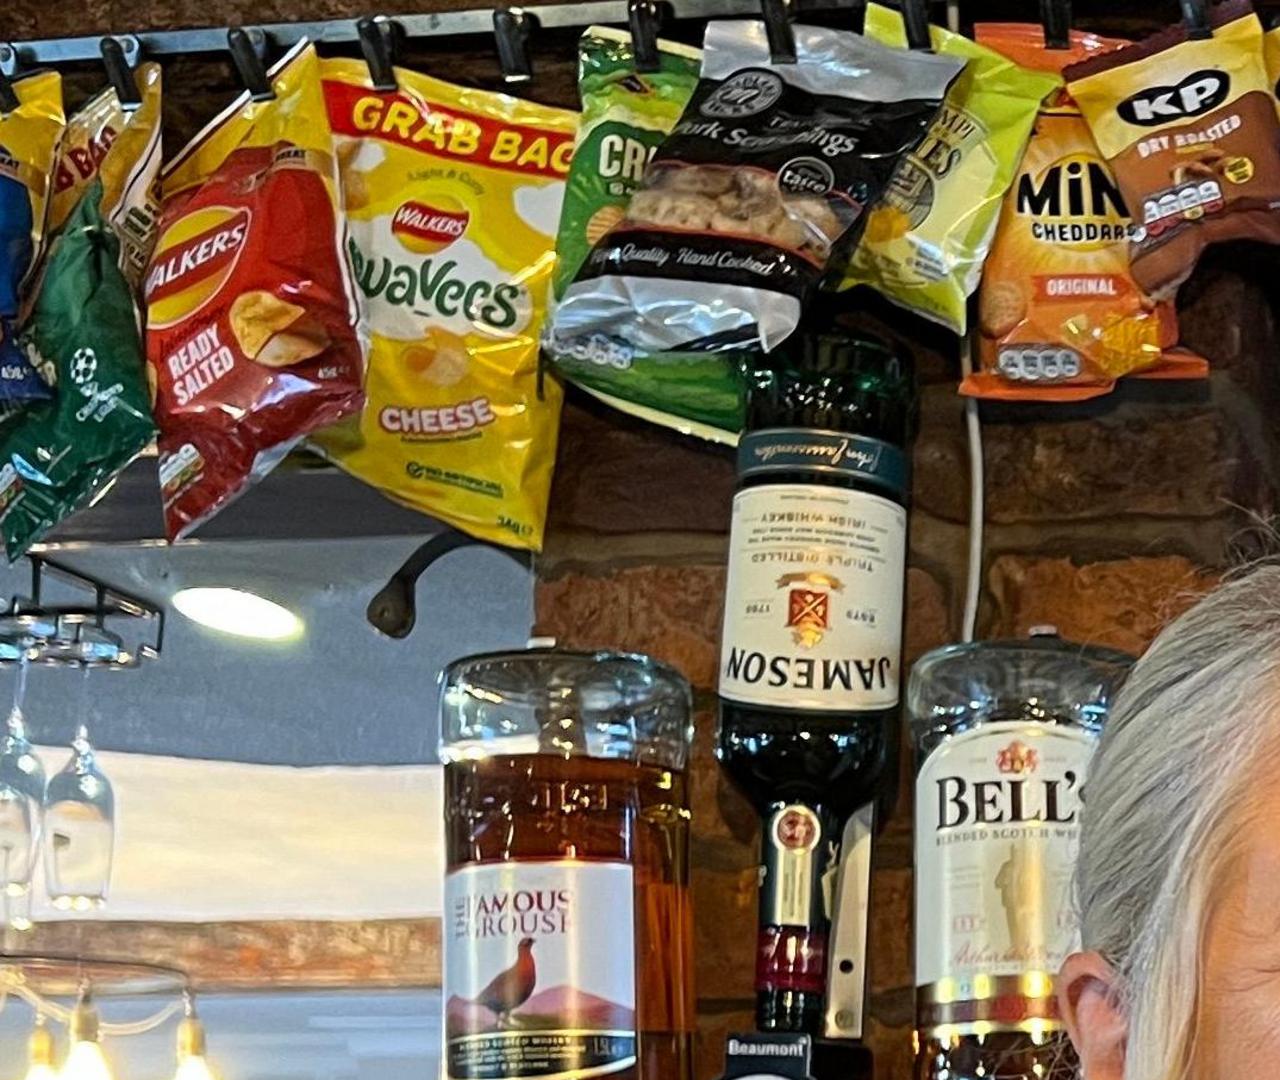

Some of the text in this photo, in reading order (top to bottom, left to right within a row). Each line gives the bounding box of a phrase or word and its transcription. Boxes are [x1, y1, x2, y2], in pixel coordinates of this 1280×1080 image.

[1133, 77, 1221, 121] KP
[353, 96, 482, 154] GRAB
[1137, 115, 1242, 158] DRY ROASTED
[395, 206, 467, 236] WALKERS
[622, 243, 670, 265] Quality
[676, 247, 717, 267] Hand
[1047, 279, 1117, 296] ORIGINAL
[167, 323, 222, 380] READY
[172, 346, 235, 405] SALTED
[379, 397, 496, 434] CHEESE
[760, 511, 824, 526] WHISKEY
[824, 554, 874, 572] TRIPLE
[726, 646, 891, 692] JAMESON
[936, 771, 1086, 831] BELL'
[728, 1039, 805, 1057] Beaumont
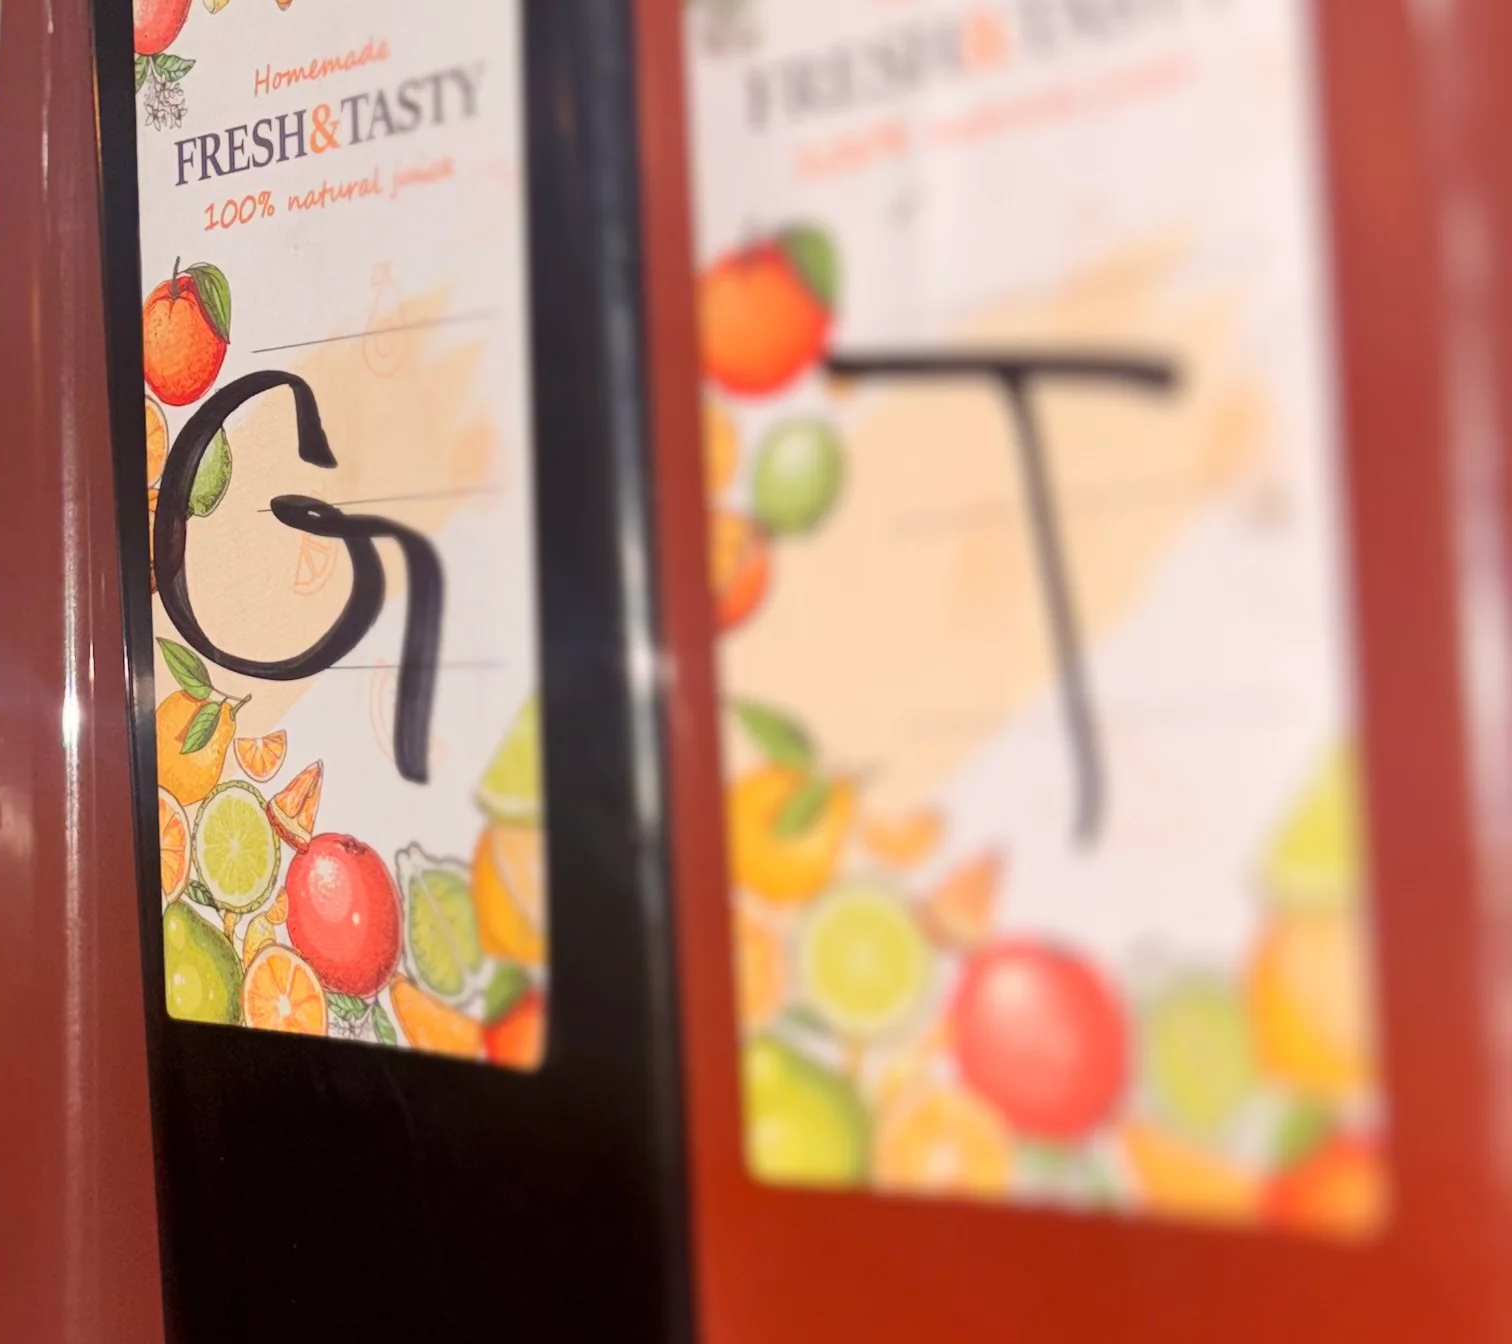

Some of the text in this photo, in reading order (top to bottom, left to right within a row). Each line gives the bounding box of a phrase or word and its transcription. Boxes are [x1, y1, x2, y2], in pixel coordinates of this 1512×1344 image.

==========

What you will do
Give back every line of the material exactly as written, but not the pictures.

Output
Some of the text in this photo, in reading order (top to bottom, left to right within a row). Each line gives the bounding box of a phrase or word and its transcription. Boxes are [x1, y1, x2, y2], in pixel coordinates of this 1280×1080 image.

[1133, 77, 1221, 121] KP
[353, 96, 482, 154] GRAB
[1137, 115, 1242, 158] DRY ROASTED
[395, 206, 467, 236] WALKERS
[622, 243, 670, 265] Quality
[676, 247, 717, 267] Hand
[1047, 279, 1117, 296] ORIGINAL
[167, 323, 222, 380] READY
[172, 346, 235, 405] SALTED
[379, 397, 496, 434] CHEESE
[760, 511, 824, 526] WHISKEY
[824, 554, 874, 572] TRIPLE
[726, 646, 891, 692] JAMESON
[936, 771, 1086, 831] BELL'
[728, 1039, 805, 1057] Beaumont

Some of the text in this photo, in reading order (top to bottom, left to right within a row). Each line gives the bounding box of a phrase or word and its transcription. Boxes are [x1, y1, x2, y2], in pixel coordinates of this 1512×1344 image.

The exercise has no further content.